Success at SfN

The Birmingham Learning and Memory Group has a strong presence at this year's SfN meeting, the biggest neuroscience meeting in the world (with >28.000 attendants). Overall, 8 posters and talks from the labs of Dr. Wimber and Dr Hanslmayr are being presented. The posters/talks cover our research in the dynamic processes of memory retrieval, synchronization and desynchronization processes during memory formation, alpha oscillatory processes during visual search, and modulating memory performance via oscillatory brain stimulation. Methods range from fMRI, EEG/MEG, intracranial EEG, tACS, and behavioral experiments.

€1.5 Mio ERC starting grant awarded to Maria Wimber

Congratulations to Maria who just got awarded a 5-year, €1.5 Mio research grant from the European Research Council. The project aims to uncover the neural processes and spatio-temporal dynamics of memory reconstruction. Most memory researchers would agree that our memories are not truthful recounts of past experiences, and that remembering is a reconstructive process that is heavily influenced by our expectations and prior knowledge. How exactly this reconstruction takes place, step-by-step, in the brain, however, is still unknown. Maria's team will use advanced brain imaging techniqes to track the re-emergence of different features of memories in real-time, based on distributed patterns of brain activity. These techniques make it possible to observe how the process of remembering unfolds in time, and how our memories change over time when we repeatedly bring them back to mind.

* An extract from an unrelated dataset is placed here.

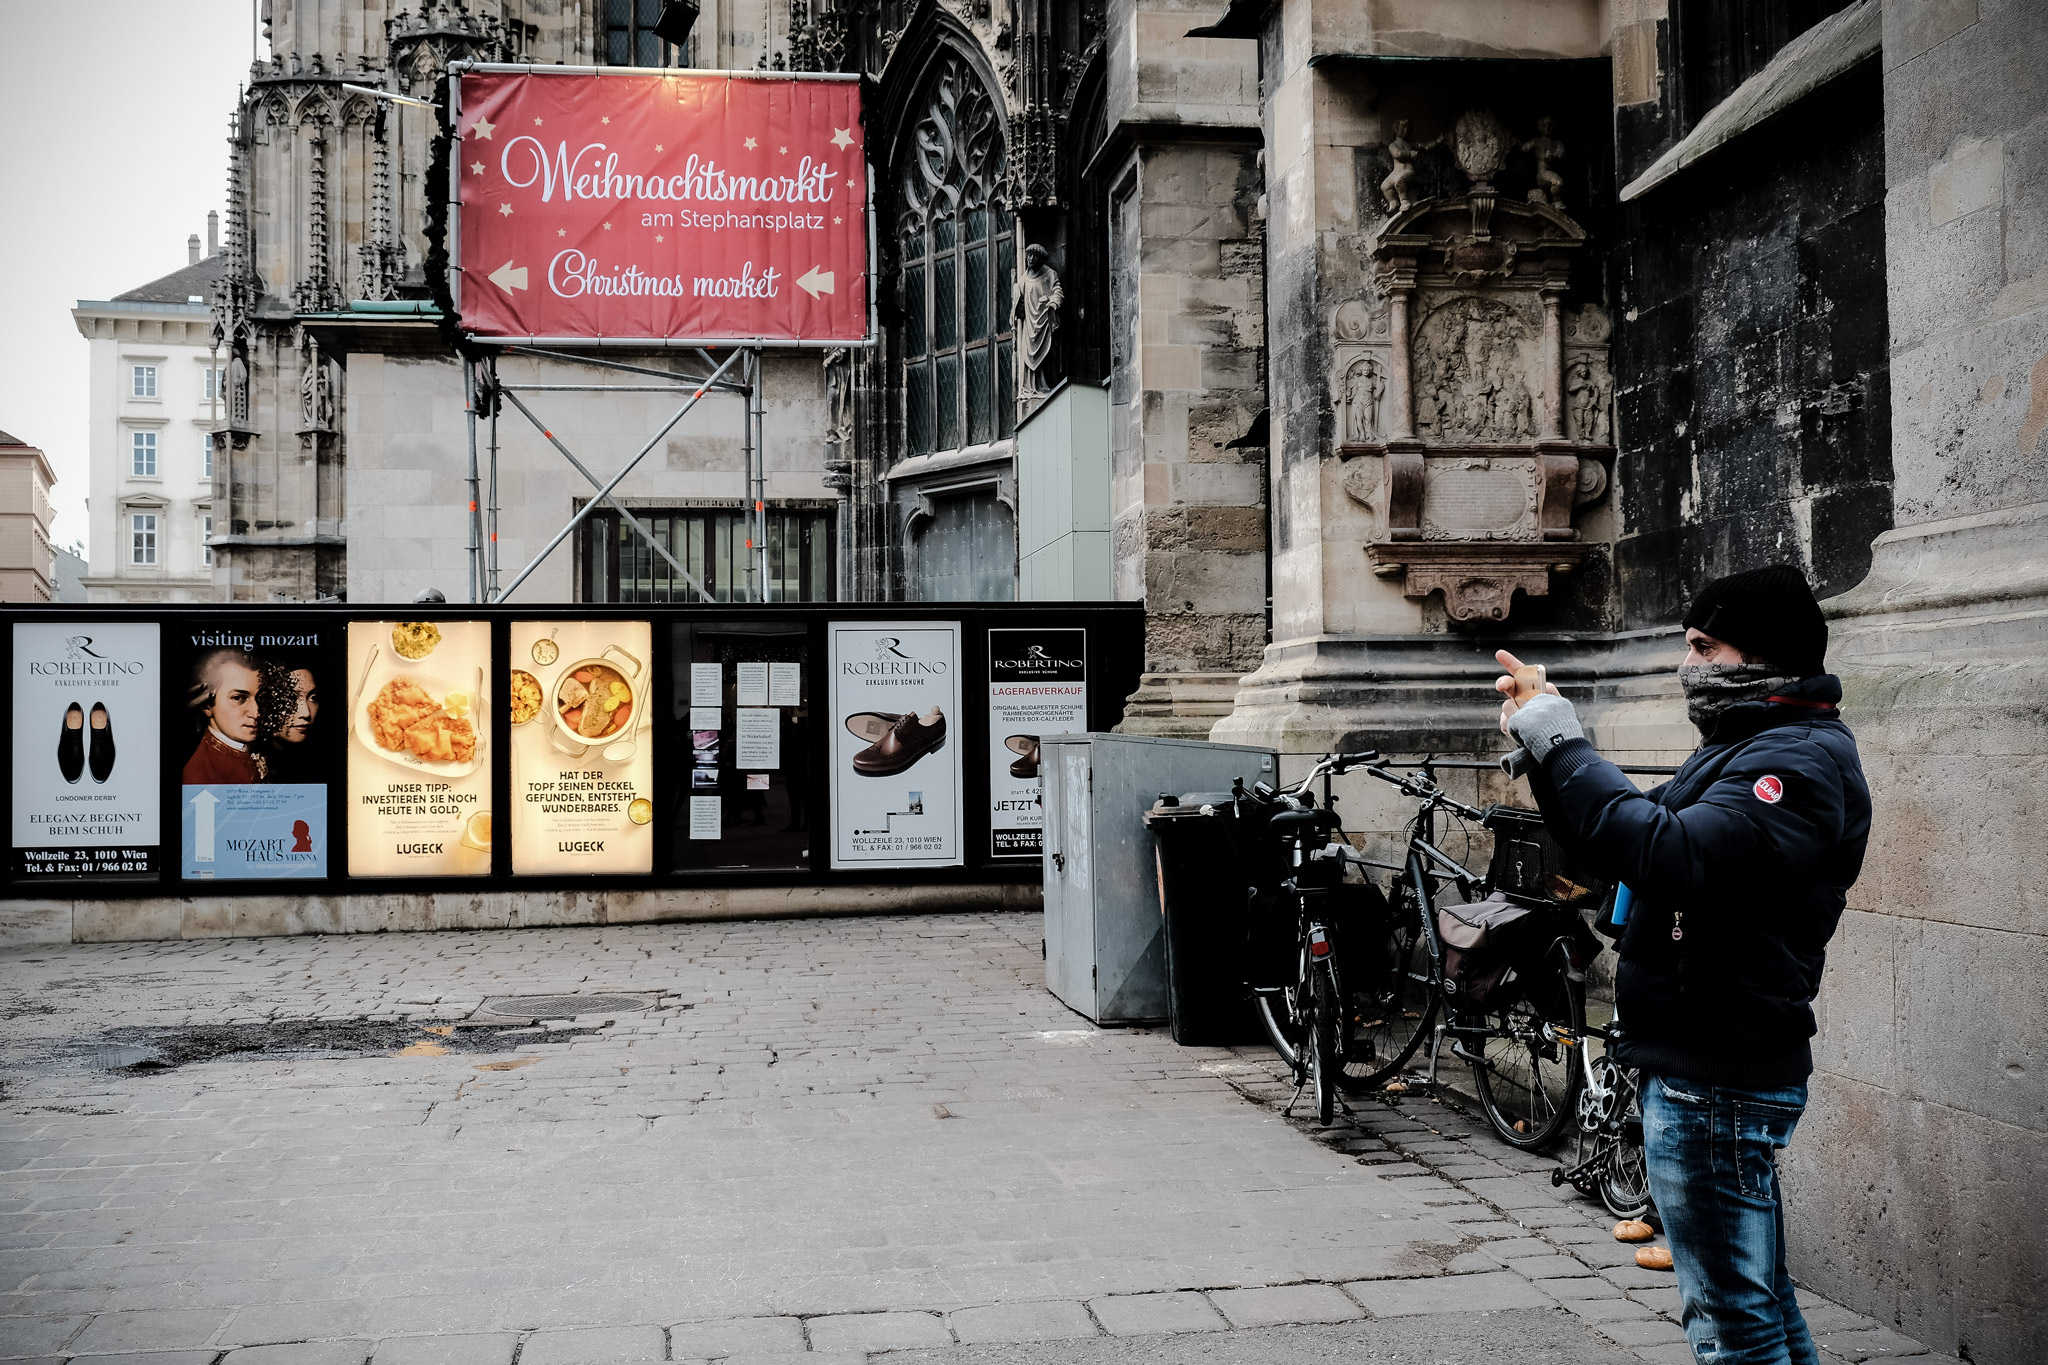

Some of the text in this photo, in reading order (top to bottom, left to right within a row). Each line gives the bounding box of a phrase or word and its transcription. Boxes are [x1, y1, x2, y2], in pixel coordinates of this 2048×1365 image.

HOW DOES THE HUMAN BRAIN REPLAY MEMORIES FROM THE PAST

A new study by Michelmann et al. (Hanslmayr lab) published in PLoS Biology reveals the neural mechanisms that enable our brains to replay videos and sounds experienced in the past. In their study, Michelmann et al let subjects encode short video and sound clips and asked them to mentally replay these later. Using temporal pattern similarity analysis the authors show that the phase at 8 Hz carries a temporal signature of the replayed stimulus. This replay is linked to a decrease in power (i.e. desynchronization) in the same frequency range. This study is the first to reveal a domain general neural mechanism which underlies the replay of dynamic memories.